Kaoru bit his lip, glancing at her tentatively. “Would that be a bad thing?”

“Not particularly,” Kiri shrugged. “Why do you do it anyway? Chase petals with me every year?”

Kaoru gazed at the clear blue sky obscured by the cherry blossom trees. If he himself could only admit the answer… But now was not the time. “It’s tradition,” he said instead—not very convincingly either. 

“Sure,” Kiri scoffed. “As if an eighteen year old nerd would be so sentimental about some petal chasing ritual we came up with ten years ago.”

Kaoru tried not to fidget under Kiri’s intense gaze, and somehow found his eyes tracing the soft curve of her chin and the slight pinches around her eyes. 

When she frowned at him with her coral tinted lips, Kaoru shut his eyes firmly, and said, “it’s tradition,” through his tight wind pipe. 

But this year, Kaoru knew, would be different. Though Kiri’s lips were still tinted coral like last year, and she still dressed in cotton skirts, and though she still refused to tie up her long hair—though everything was absolutely picturesque, everything had so obviously changed. Perhaps because it was the sort of year that was meant to change everything. 

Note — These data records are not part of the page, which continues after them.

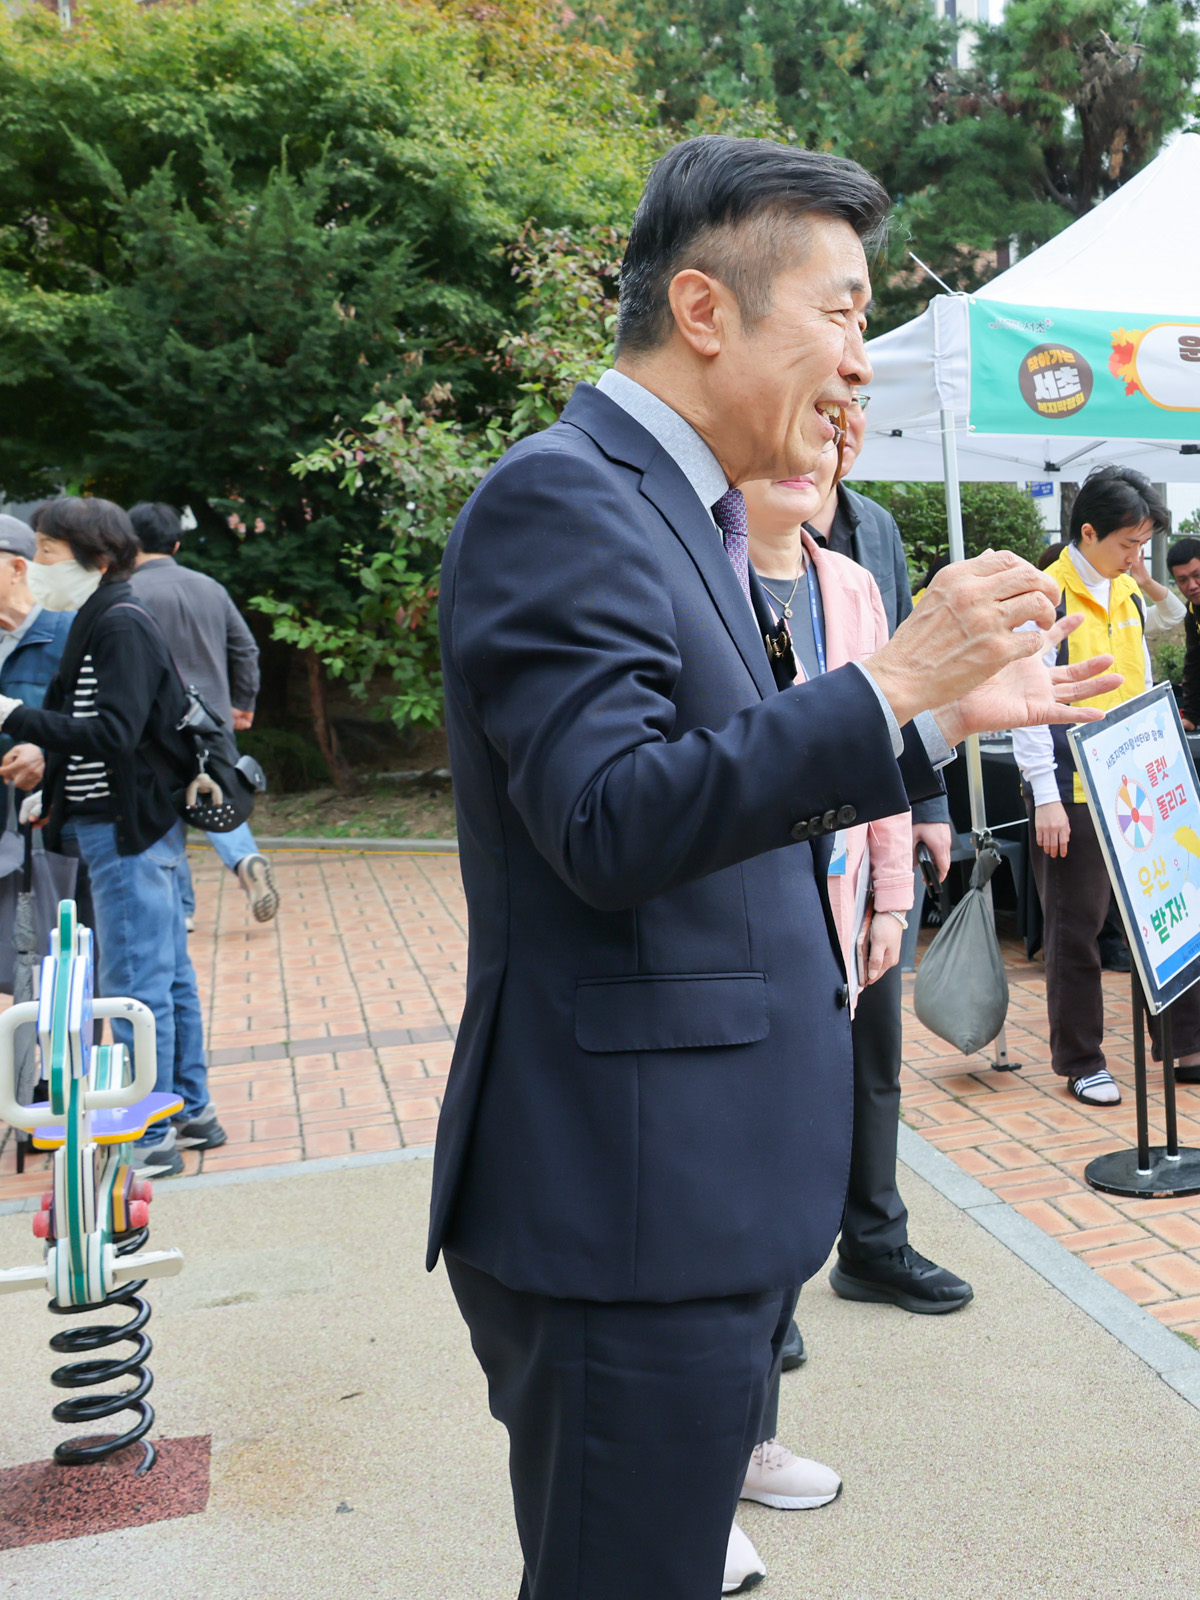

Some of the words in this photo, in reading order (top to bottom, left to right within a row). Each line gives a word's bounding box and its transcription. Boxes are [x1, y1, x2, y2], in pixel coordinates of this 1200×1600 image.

[1024, 321, 1047, 334] 서초
[1026, 349, 1076, 373] 찾아가는
[1033, 366, 1081, 400] 서초
[1036, 391, 1085, 413] 복지박람회
[1106, 731, 1151, 770] 서초지역자활센터와
[1150, 729, 1165, 742] 함께
[1145, 755, 1170, 788] 룰렛
[1156, 783, 1187, 821] 돌리고
[1137, 855, 1170, 898] 우산
[1150, 892, 1189, 945] 받자!

“There’s no space to run,” Kiri said, frowning, but Kaoru had no intention of running. 

He shrugged. “Let’s walk by the riverbank instead, then.”

“Finally tired of chasing petals, then?” Kiri smirked.

Kaoru gave her a tight smile, looking her straight in the eye. “Would that be a bad thing?”

She sighed, shaking her head gently. “Giving up on your yearly tradition just because you’re going to Tokyo for university. It’s not like you, Kaoru.”

Kaoru simply shrugged, and stared at his feet. “Chasing petals is not like me. It’s time I grew out of it.”

Kiri frowned, not understanding. 

But Kaoru knew what this implied. 

“You’ll be staying here for university, then, Kiri?” he asked nonchalantly. 

Kiri beamed, though the conversation’s direction confused her. “Of course.”

Kaoru merely nodded. “Ganbatte.”

The sakura petals fell heavily around them, as if the sky were mourning the end of an era. In fact, the trees were shedding the tears Kaoru never could. He tried to memorise the moment, implant it behind his eyelids. He tried to memorise Kiri’s cotton skirt peppered with pink, tried to memorise the river caked with pink frosting, tried to memorise the faint rustle of the blooming flowers above him, tried to memorise how his heart beat heavily next to Kiri’s before time passed by too quickly. 

Tokyo was a long way off.

His revelation came five minutes too early, and Kiri would realise it ten minutes too late, when chasing petals would no longer be an option, when the one word that would have saved it all could no longer be uttered—“stay.”